--- DATASET RECORDS ---
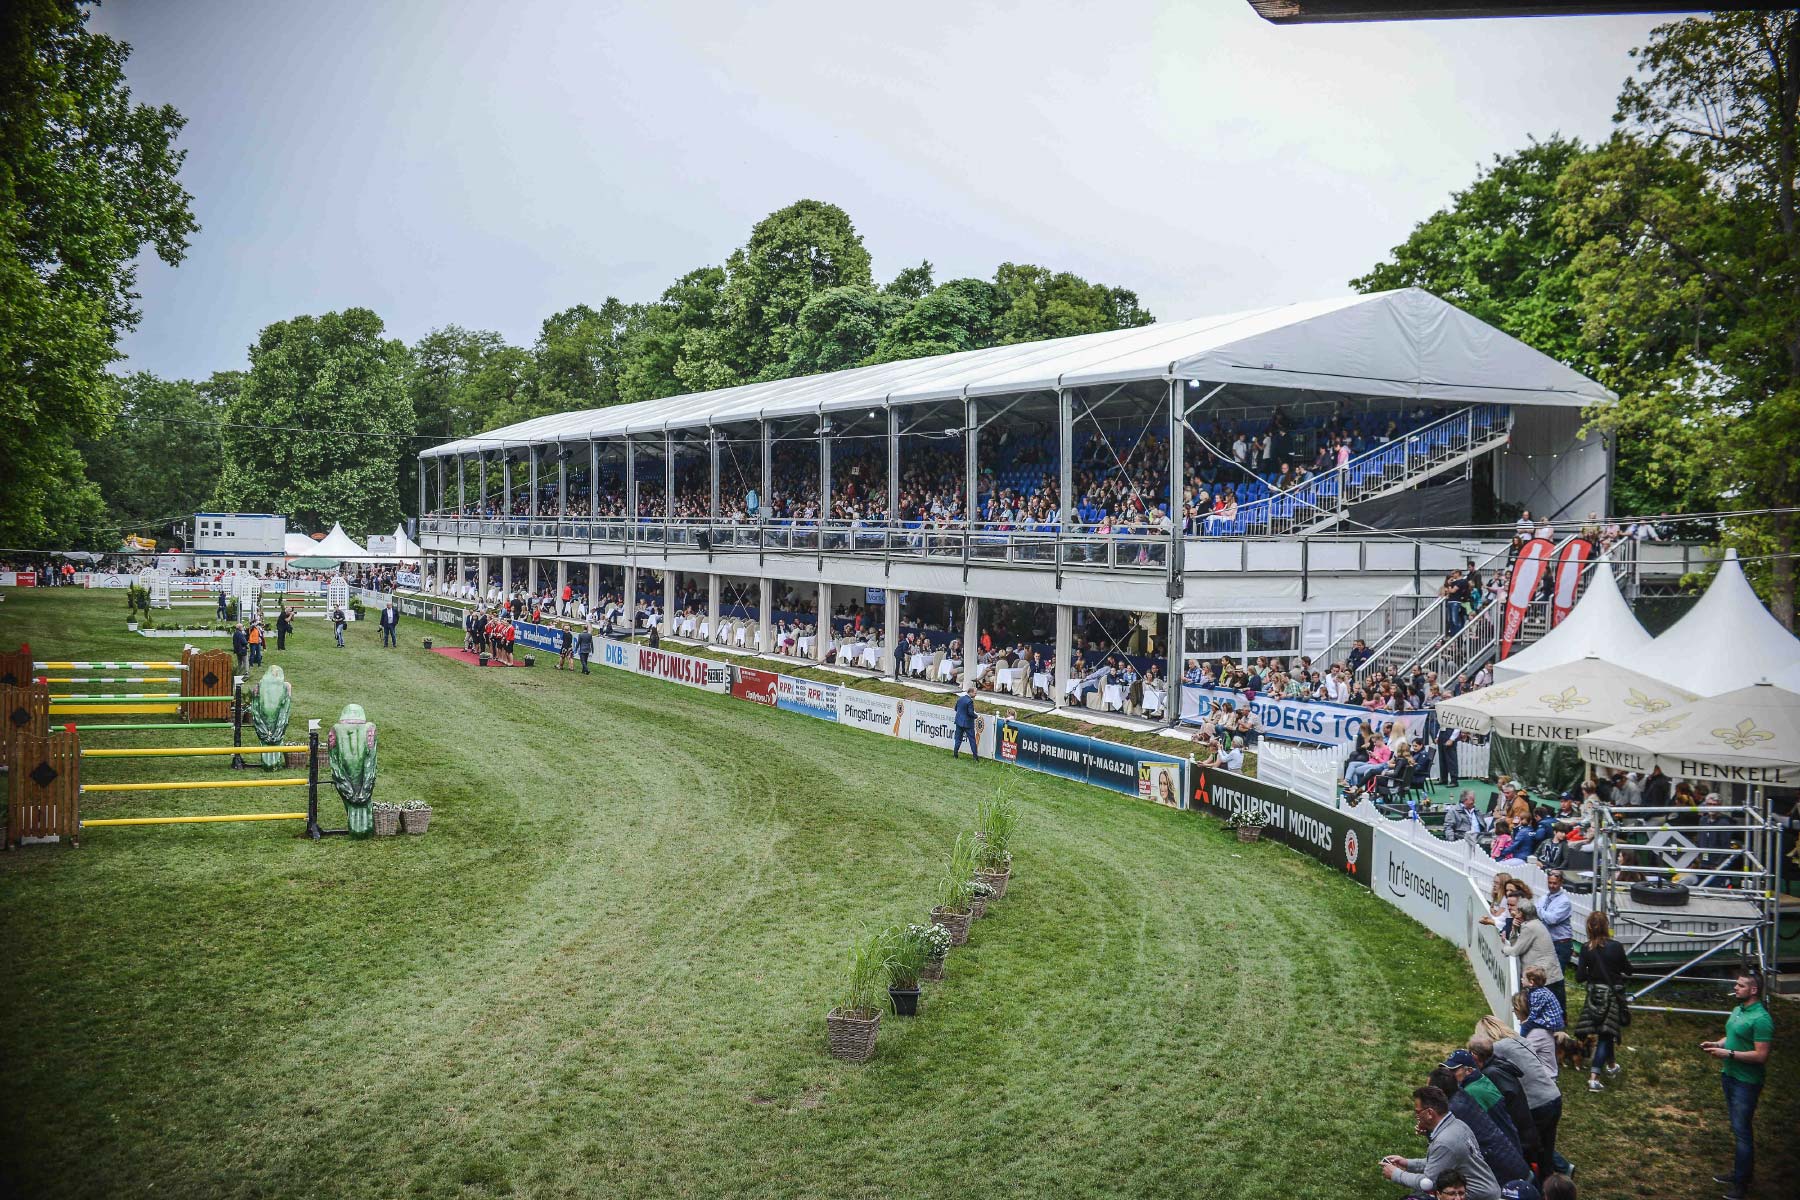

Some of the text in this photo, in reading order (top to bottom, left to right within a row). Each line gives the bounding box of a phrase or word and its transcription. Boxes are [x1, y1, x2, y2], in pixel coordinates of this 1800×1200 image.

[606, 643, 623, 665] DKB
[638, 649, 708, 686] NEPTUNUS.DE
[844, 704, 892, 726] PfingstTurnier
[1249, 701, 1324, 735] RIDERS
[1002, 723, 1019, 743] tv
[1511, 723, 1590, 740] HENKEL
[1022, 739, 1134, 777] DAS PREMIUM TV-MAGAZIN
[1588, 745, 1645, 770] HENKELL
[1680, 759, 1787, 784] HENKELL
[1212, 784, 1333, 852] MITSUBISHI MOTORS
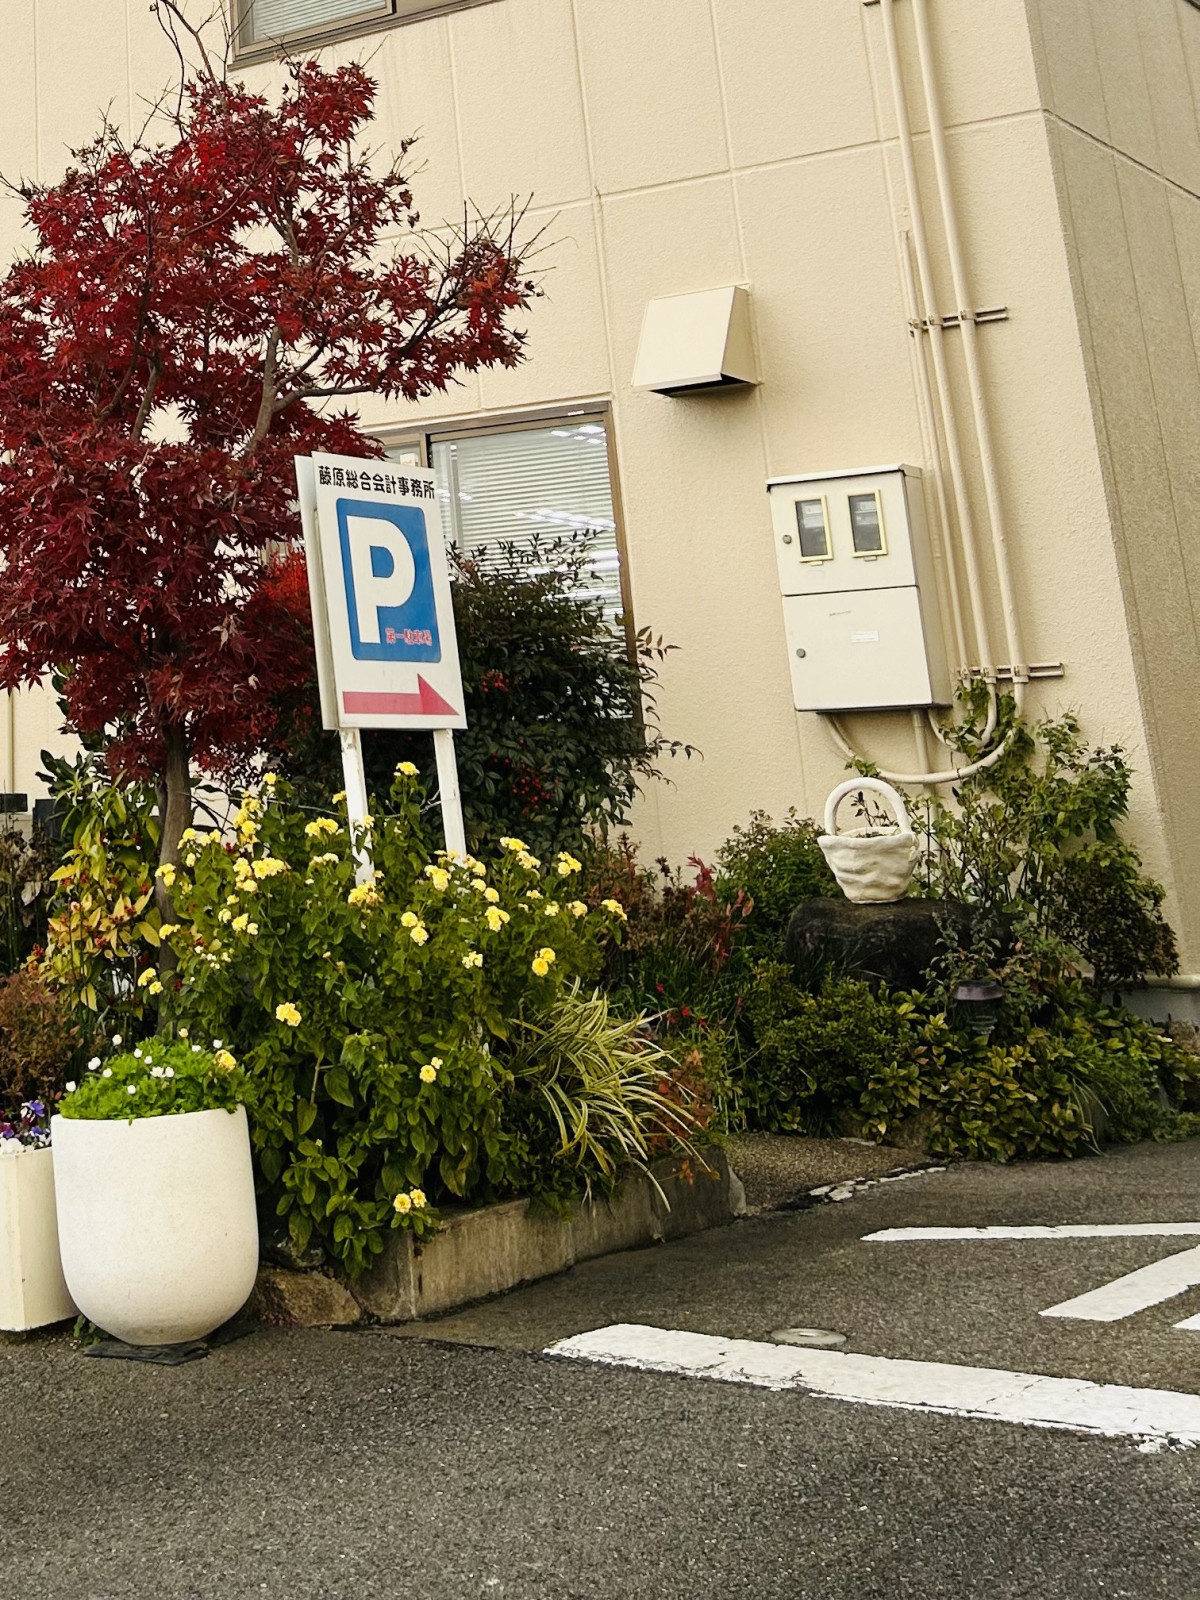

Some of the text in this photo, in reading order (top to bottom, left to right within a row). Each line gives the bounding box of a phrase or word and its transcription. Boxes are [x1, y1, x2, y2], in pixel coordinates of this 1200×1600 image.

[318, 465, 435, 500] 藤原総合会計事務所
[346, 515, 416, 644] P
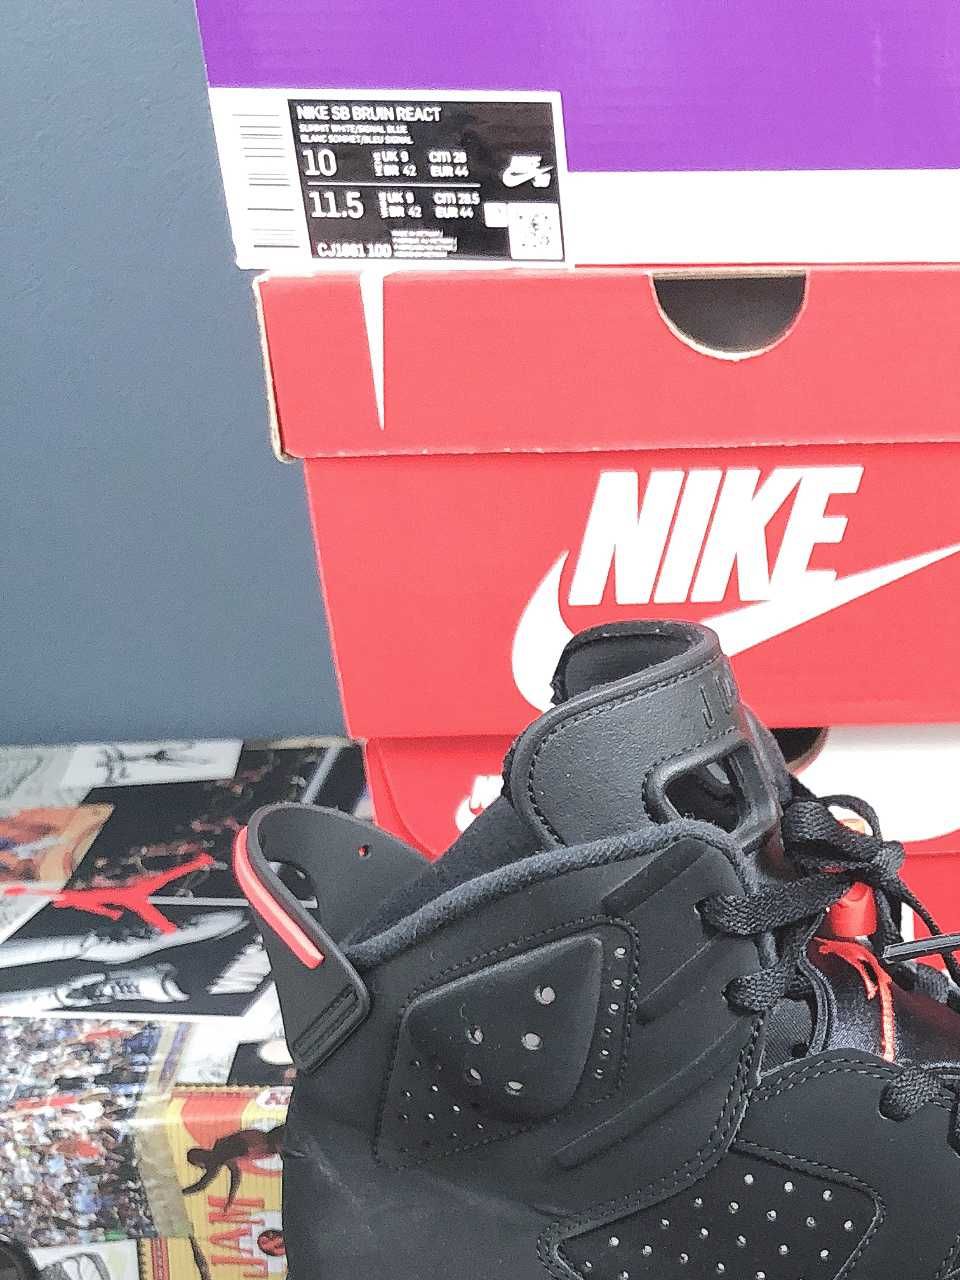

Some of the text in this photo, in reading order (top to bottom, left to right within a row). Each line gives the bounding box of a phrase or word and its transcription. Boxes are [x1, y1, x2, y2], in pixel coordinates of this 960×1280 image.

[296, 105, 442, 123] NIKE SB BRUIN REACT
[302, 148, 337, 177] 10
[308, 190, 364, 219] 11.5
[567, 464, 866, 607] NIKE
---
EXERCISE DETAILS:
An exact printout of the listing is needed, minus any pictures it contains.

SOLUTION TO THIS TASK:
Some of the text in this photo, in reading order (top to bottom, left to right within a row). Each line gives the bounding box of a phrase or word and its transcription. Boxes are [x1, y1, x2, y2], in pixel coordinates of this 1800×1200 image.

[606, 643, 623, 665] DKB
[638, 649, 708, 686] NEPTUNUS.DE
[844, 704, 892, 726] PfingstTurnier
[1249, 701, 1324, 735] RIDERS
[1002, 723, 1019, 743] tv
[1511, 723, 1590, 740] HENKEL
[1022, 739, 1134, 777] DAS PREMIUM TV-MAGAZIN
[1588, 745, 1645, 770] HENKELL
[1680, 759, 1787, 784] HENKELL
[1212, 784, 1333, 852] MITSUBISHI MOTORS

Some of the text in this photo, in reading order (top to bottom, left to right within a row). Each line gives the bounding box of a phrase or word and its transcription. Boxes are [x1, y1, x2, y2], in pixel coordinates of this 1200×1600 image.

[318, 465, 435, 500] 藤原総合会計事務所
[346, 515, 416, 644] P

Some of the text in this photo, in reading order (top to bottom, left to right within a row). Each line gives the bounding box of a phrase or word and its transcription. Boxes are [x1, y1, x2, y2], in pixel coordinates of this 960×1280 image.

[296, 105, 442, 123] NIKE SB BRUIN REACT
[302, 148, 337, 177] 10
[308, 190, 364, 219] 11.5
[567, 464, 866, 607] NIKE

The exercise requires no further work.